<<<<
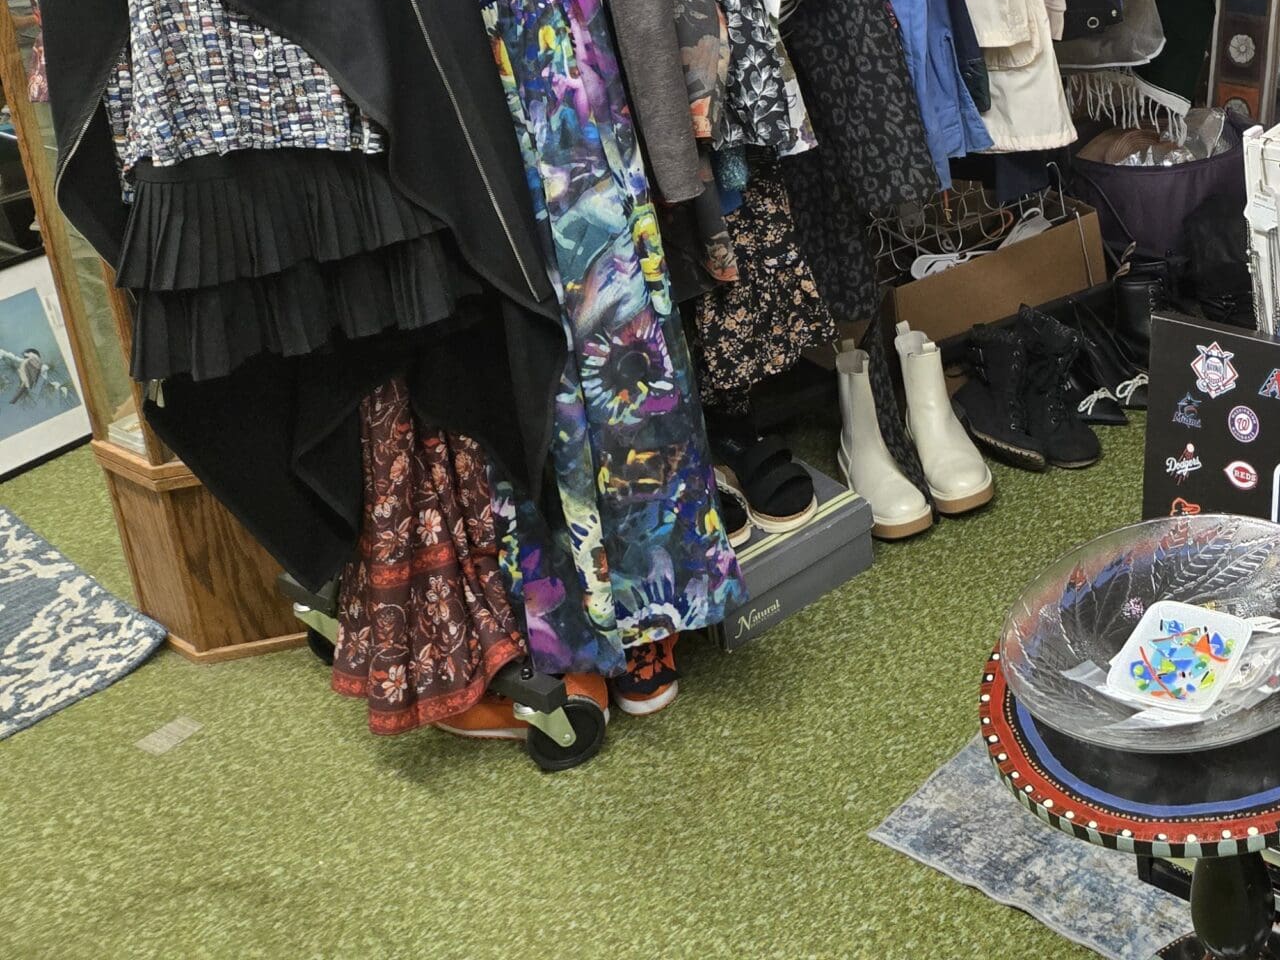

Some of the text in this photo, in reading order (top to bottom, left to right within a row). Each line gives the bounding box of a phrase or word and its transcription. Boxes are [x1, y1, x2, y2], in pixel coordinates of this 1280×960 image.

[1166, 455, 1202, 476] Dodgers
[1233, 467, 1258, 483] REDS
[734, 599, 781, 639] Natural
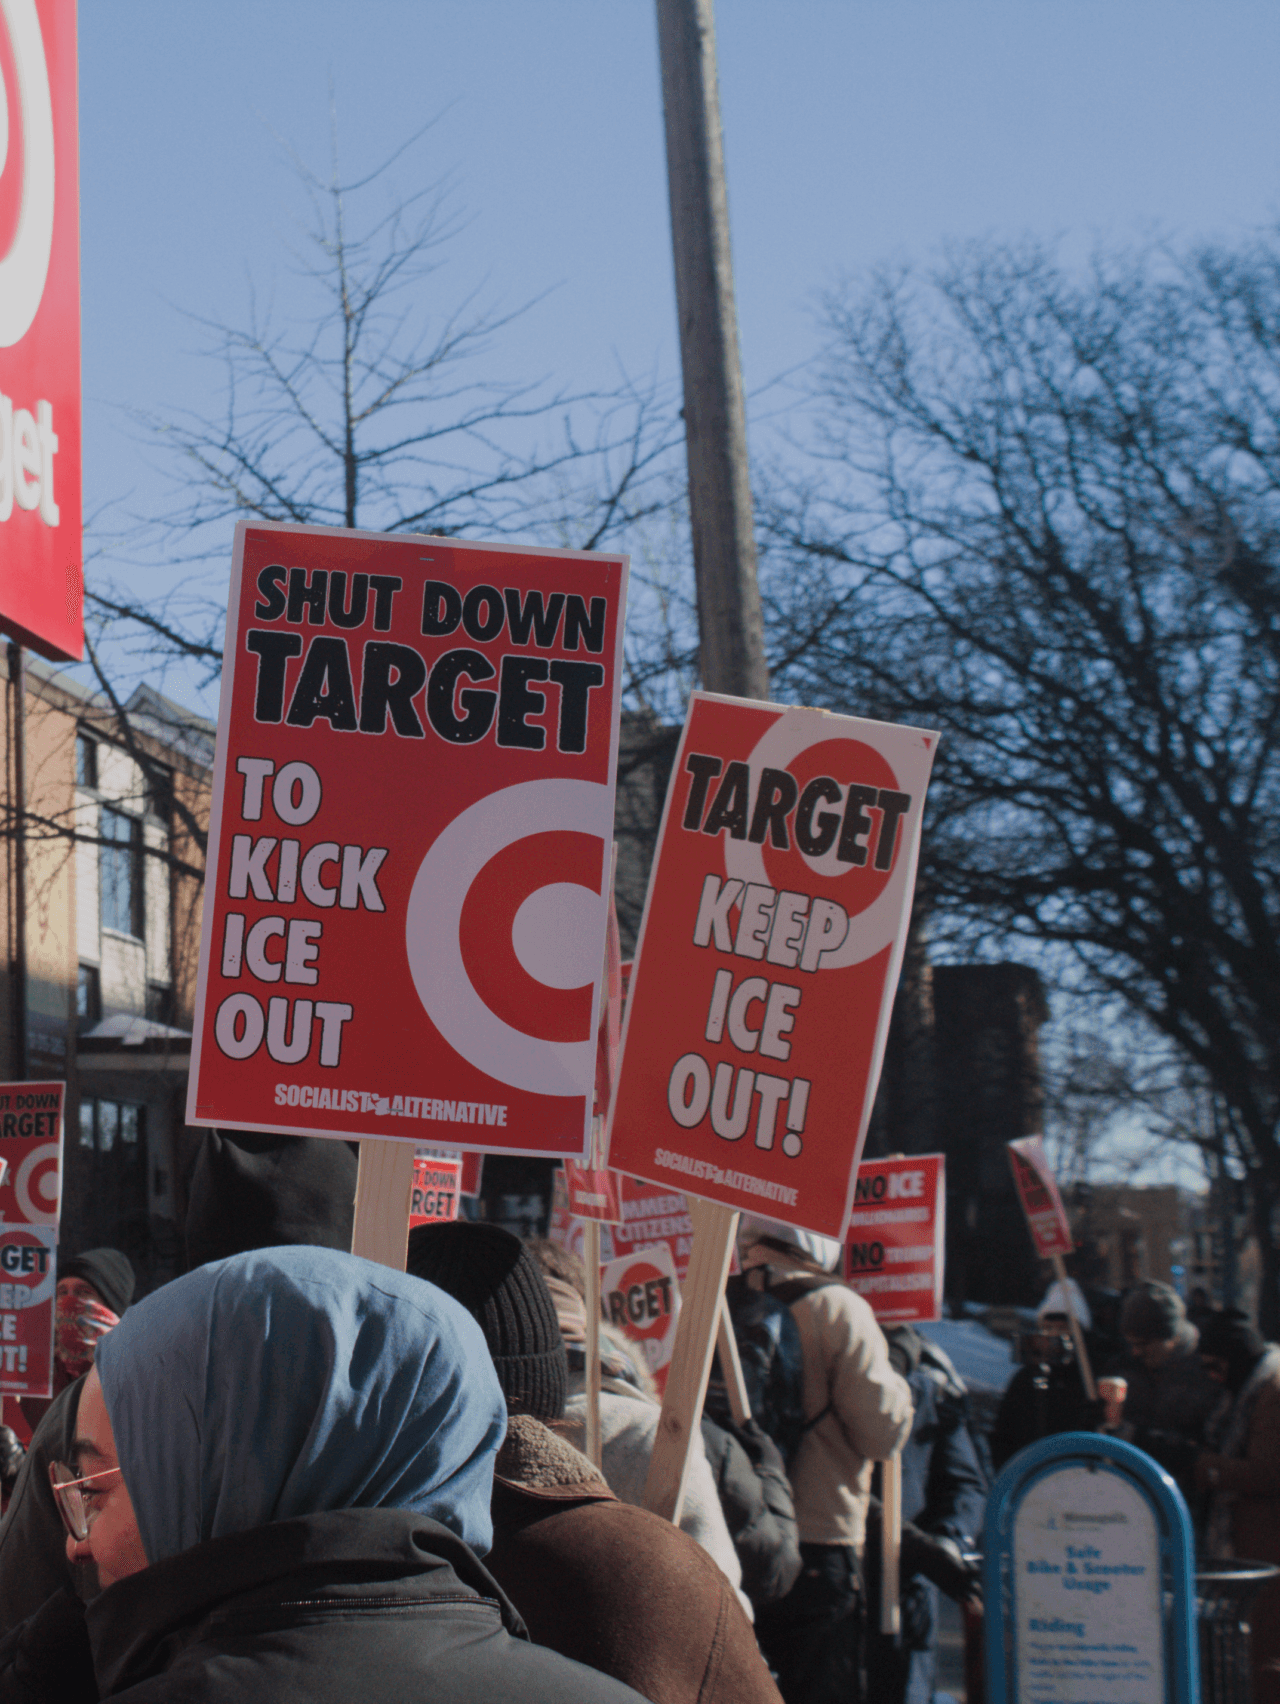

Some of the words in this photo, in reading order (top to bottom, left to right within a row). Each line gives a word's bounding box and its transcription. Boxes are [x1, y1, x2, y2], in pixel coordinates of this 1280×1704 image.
>>>>
Assignment: Print the entries again exactly as they appear above. Do not print the pictures.

Finished task:
Some of the text in this photo, in reading order (top to bottom, left to right within a row). Each line gives the bounding box of a phrase or word and its transcription. Boxes are [x1, y1, x2, y2], in pixel coordinates of this 1280×960 image.

[1166, 455, 1202, 476] Dodgers
[1233, 467, 1258, 483] REDS
[734, 599, 781, 639] Natural

Some of the words in this photo, in reading order (top to bottom, left to right within a row). Each line gives a word's bounding box and its transcription. Boxes are [x1, y1, x2, y2], in pixel coordinates of this 1280×1704 image.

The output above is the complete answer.